The unfortunate truth is that India’s Opposition — that includes mostly dynastic parties starting with Congress — and the anti-Modi commentators, economists etc; have little or no contribution to this tremendous national achievement.

They wanted to use the uncertainty as a political weapon against Modi. Debate is expected in a democracy. However, it was unexpected that the nation will not be united in the face of such an unprecedented scale of events.

From targeting a homegrown startup for venturing to deliver an India-made vaccine, questioning India’s ability to vaccinate the population vis-a-vis China, spreading false information about the economy, to questioning India’s nationhood — they tried every option to bring instability.
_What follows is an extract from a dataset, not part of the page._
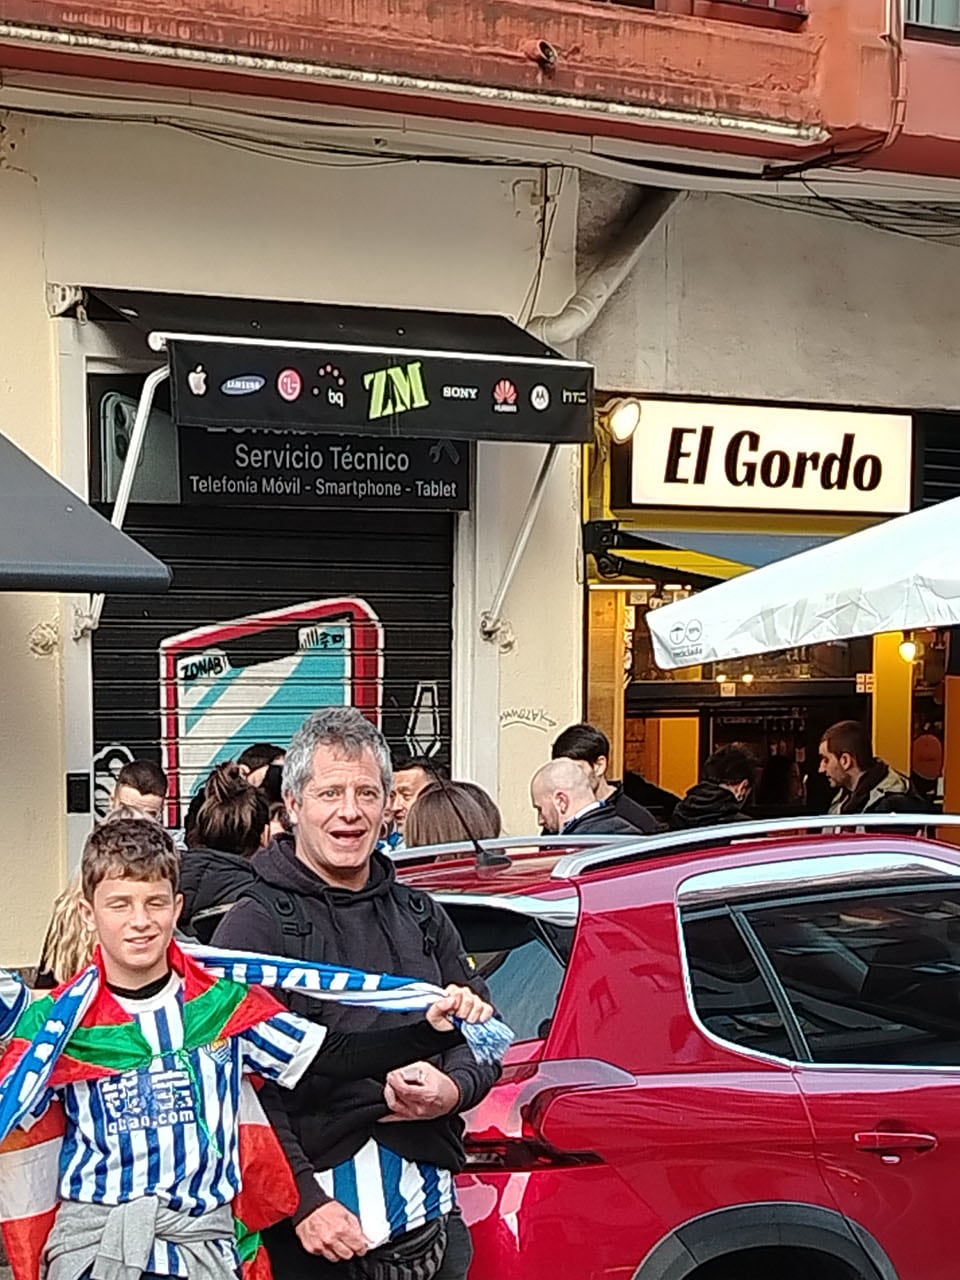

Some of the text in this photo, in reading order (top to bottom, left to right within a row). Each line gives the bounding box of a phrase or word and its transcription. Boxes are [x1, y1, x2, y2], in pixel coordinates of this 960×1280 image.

Politically they achieved little. Evidently, Prime Minister Modi’s popularity remained intact. The ruling Bharatiya Janata Party (BJP) became stronger. The principal opposition Congress became weaker. The hold of regional satraps became weaker.
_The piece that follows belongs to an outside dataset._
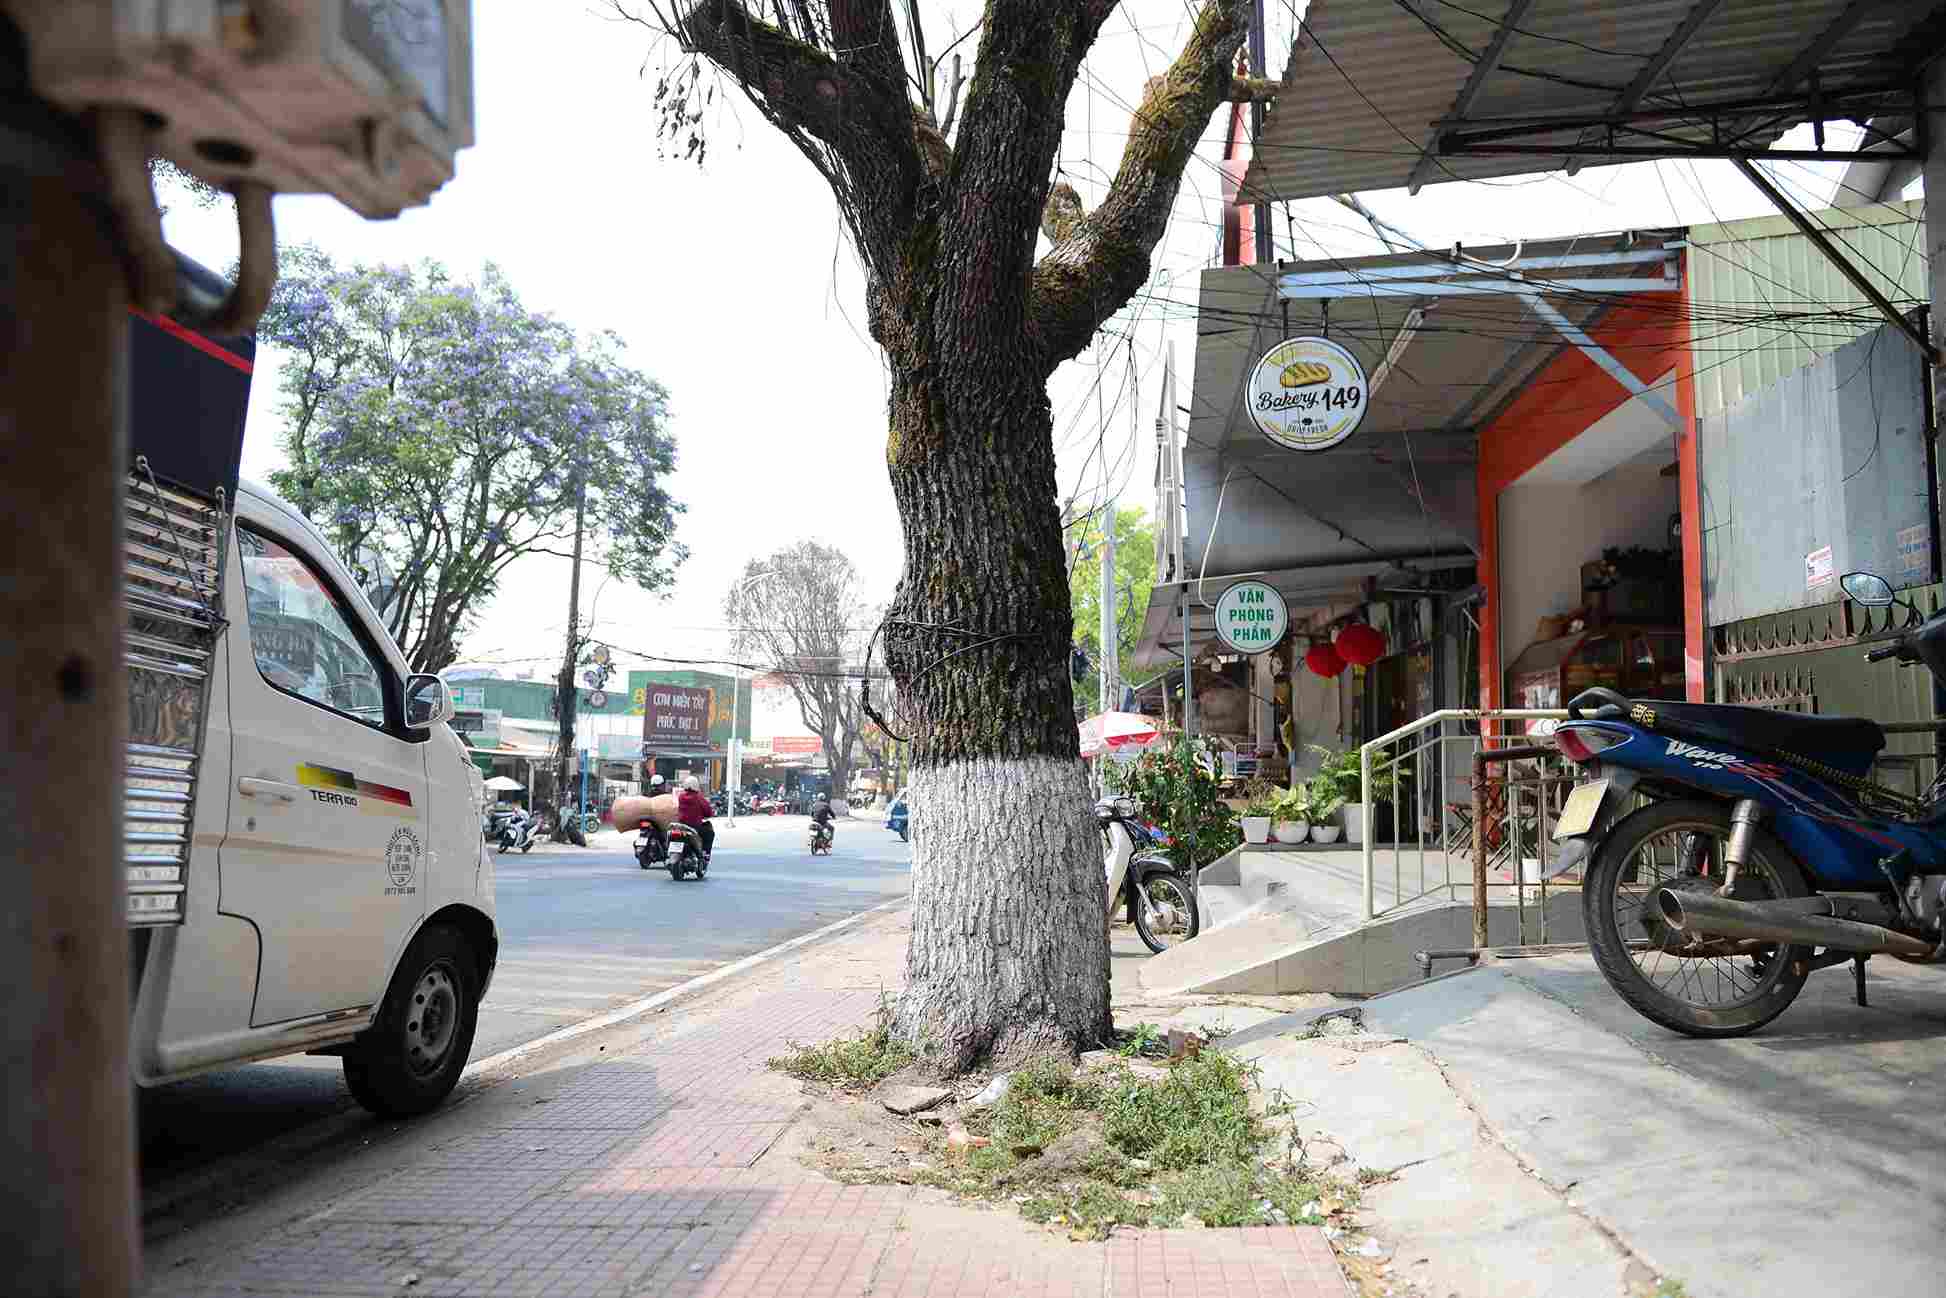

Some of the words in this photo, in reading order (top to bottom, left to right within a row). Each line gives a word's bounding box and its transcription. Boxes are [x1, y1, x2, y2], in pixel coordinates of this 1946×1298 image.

[1256, 391, 1319, 411] Bakery
[1321, 386, 1360, 411] 149
[1230, 606, 1274, 621] PHÒNG
[1664, 736, 1742, 763] Wave
But the nation was embarrassed. Politically defeated, vested interests took to the foreign media to malign the democracy and its achievements under the current government. This is irrespective of the fact that India didn’t delay a single major election during the pandemic years.

There is little point in blaming Western media as they are run on different considerations. More than a decade ago, this writer attended a media conference in Hong Kong. It was organised by a top American think-tank and was attended by celebrity editors from Delhi.

Top journalists from reputed Western media discussed everything under the sun. India had to suffer its share of criticism. But there was not a single critical remark against China. Because that would invite the wrath of Beijing (and obviously end of the sponsorships).

Now that the British and the American security chiefs are warning businesses about the risks of investing in China (and Beijing has sent Australian journalists packing); the Western media will follow a different rule book.

CNN reported about the ruthless crushing of a mass protest in China against bank failures. Four banks pulled down shutters in the last three months. This is not the first instance of trouble. Last year, China faced a crippling power shortage so much so that supplies were rationed for the industry.

The real-estate sector is hit by a massive debt crisis. Loan defaults by large companies affected both personal and government finances. Local governments are slashing budgets and resorting to austerity measures. The economy is witnessing slow growth.

This must not mean the end of the road for China. However, the change in media narrative — from feel-good stories to probing articles — is noticeable and its apparent link with the changing geopolitical context is unmistakable.

No constitution, government and form of government are perfect. There are grievances anywhere and everywhere in the world. Every country has its share of complexities too.

However, it is undeniable that the subcontinent is unparalleled in terms of its complexities and that this is the most popular and stable government that India got in the last 50 years.

India’s first prime minister, Jawaharlal Nehru was arguably not a popular leader. Indira Gandhi literally lost the mandate the day she declared the Emergency in 1975. Rajiv Gandhi couldn’t retain his charm for long. That makes Modi arguably the most popular Prime Minister ever in this continent-sized economy.

Democracy should not be construed as a rule of the majority. But there should be a limit to disrespecting the choice and preferences of the majority of such a large economy. The opposition has invited their destruction by trolling Prime Minister Modi incessantly and calling names.

Hate is blinding. It can force even the brilliant to take wrong decisions.

Celebrity economists had written off India’s economic prospects after the June 2020 quarter. Noted commentators questioned India’s ability to vaccinate. Some wanted Modi to beg for vaccines from China. All these ‘gems of commentaries’ appeared in foreign media. The rest is history.

India is currently in reinvention mode. It is regaining the confidence that was probably lost in 1962. It doesn’t need any special treatment from the West, as was extended to a single-party-ruled China.

But, the West should cease to become a launchpad for the hate mongers. After all, there is no glory in eating one’s own words.